---------- Given records ----------
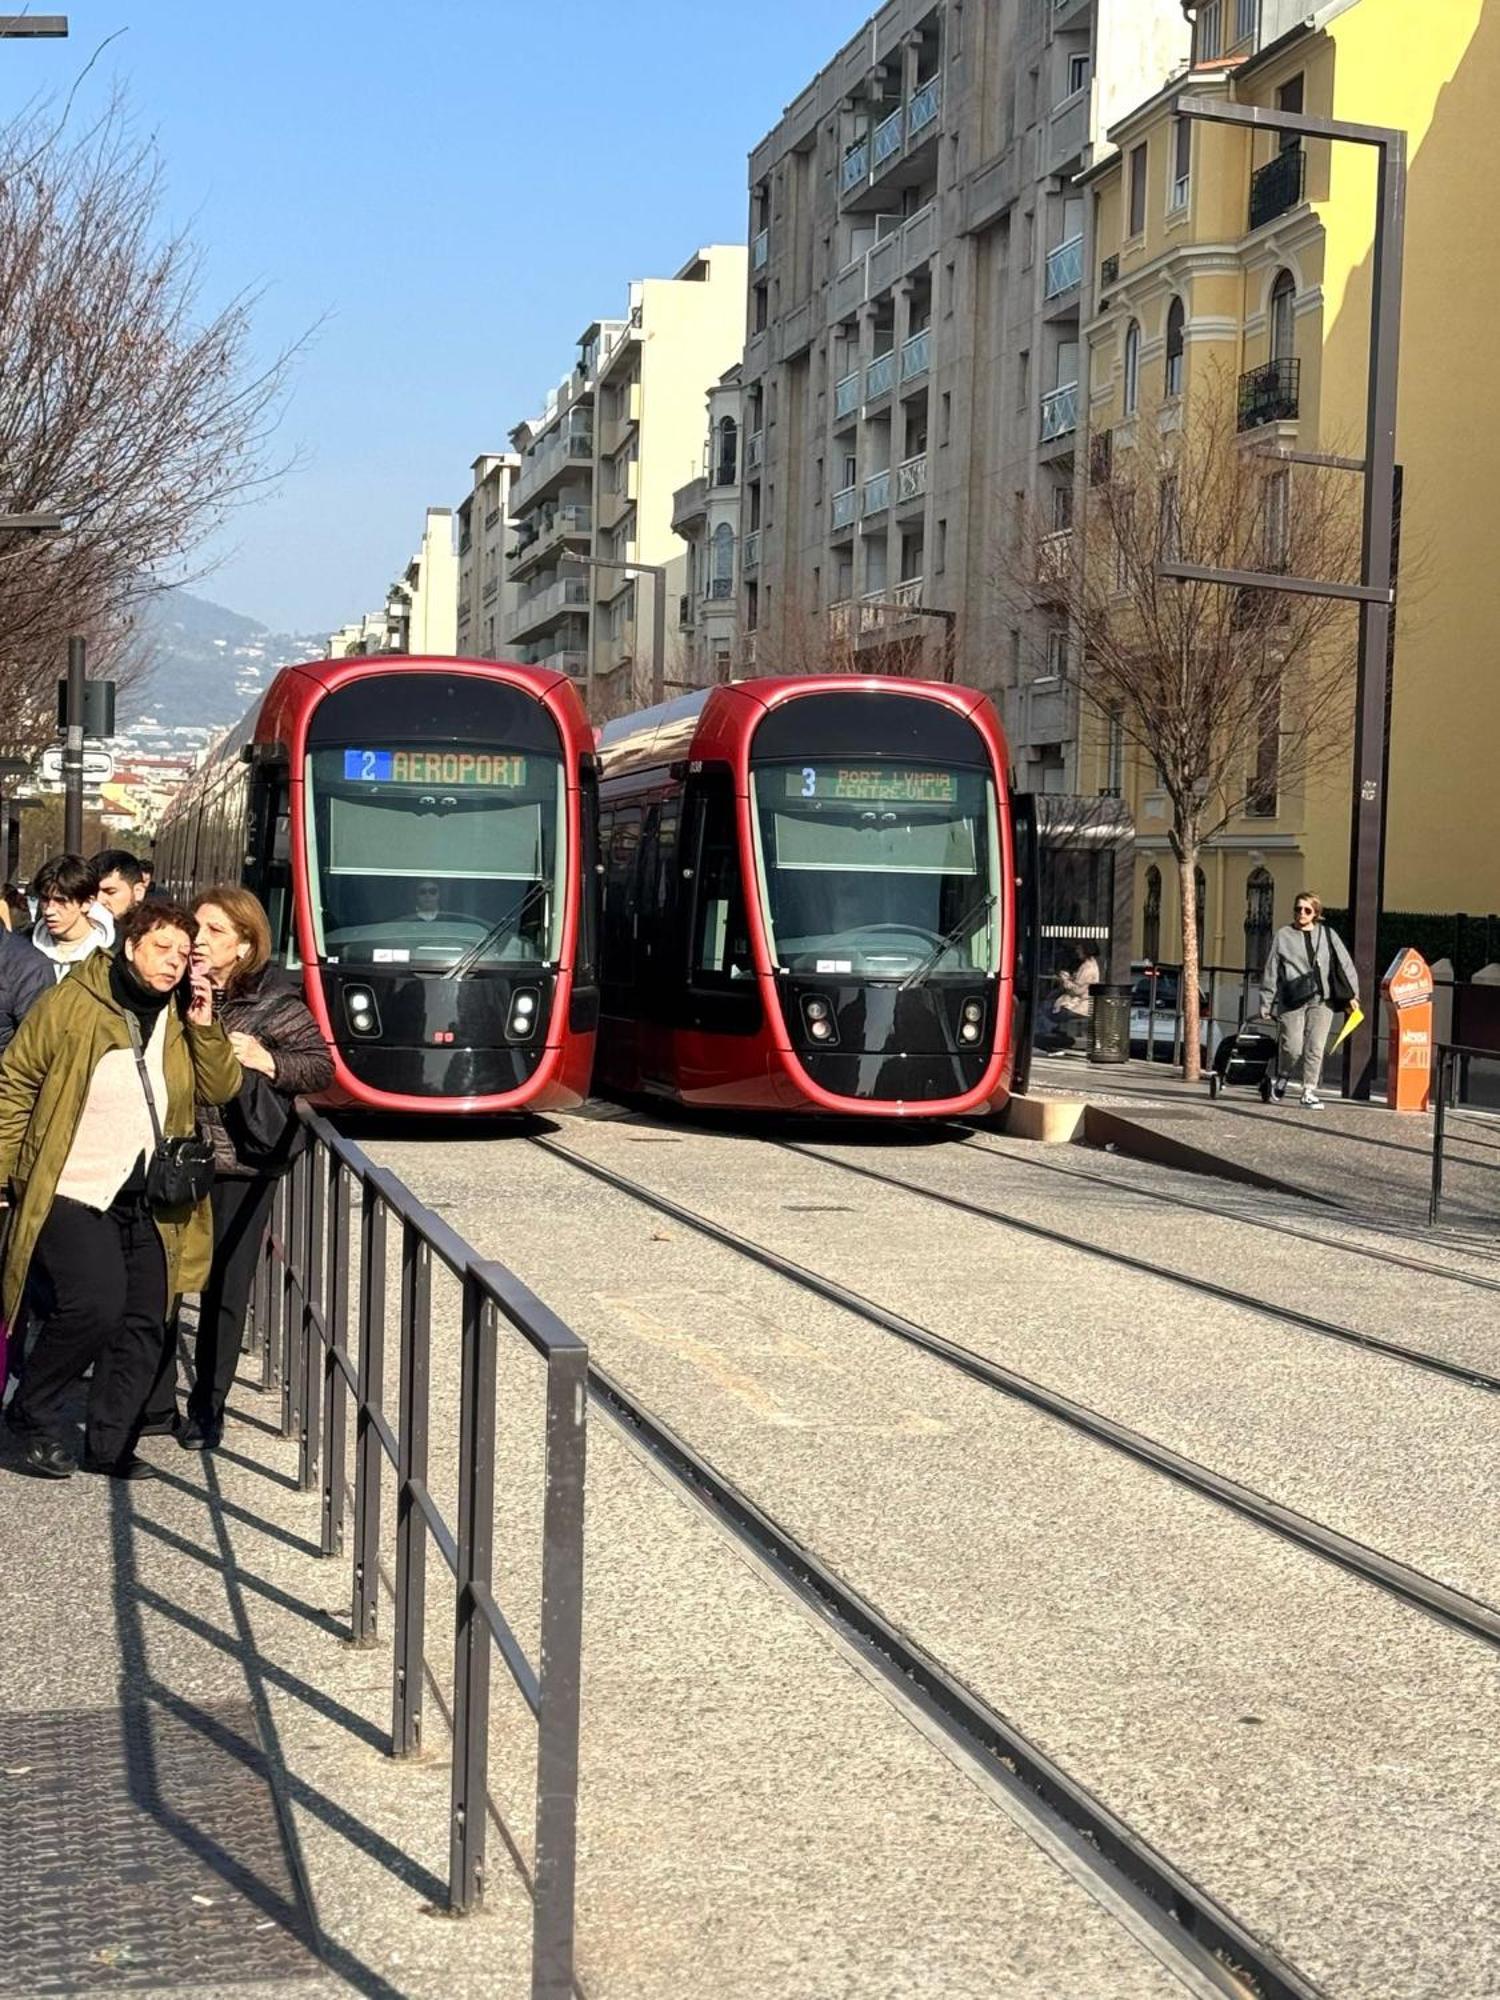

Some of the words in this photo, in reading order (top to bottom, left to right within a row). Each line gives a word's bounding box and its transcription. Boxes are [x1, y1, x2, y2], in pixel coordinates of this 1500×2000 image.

[361, 751, 376, 780] 2
[393, 752, 525, 786] AEROPORT
[894, 772, 950, 787] LYMPIA
[801, 767, 816, 797] 3
[835, 784, 953, 801] CENTRE-VILLE
----------
▸ Description of the task
In the copy, keep every line of the data above exactly and drop each picture.

▸ Result below
Some of the words in this photo, in reading order (top to bottom, left to right within a row). Each line gives a word's bounding box and its transcription. Boxes are [x1, y1, x2, y2], in pixel coordinates of this 1500×2000 image.

[361, 751, 376, 780] 2
[393, 752, 525, 786] AEROPORT
[894, 772, 950, 787] LYMPIA
[801, 767, 816, 797] 3
[835, 784, 953, 801] CENTRE-VILLE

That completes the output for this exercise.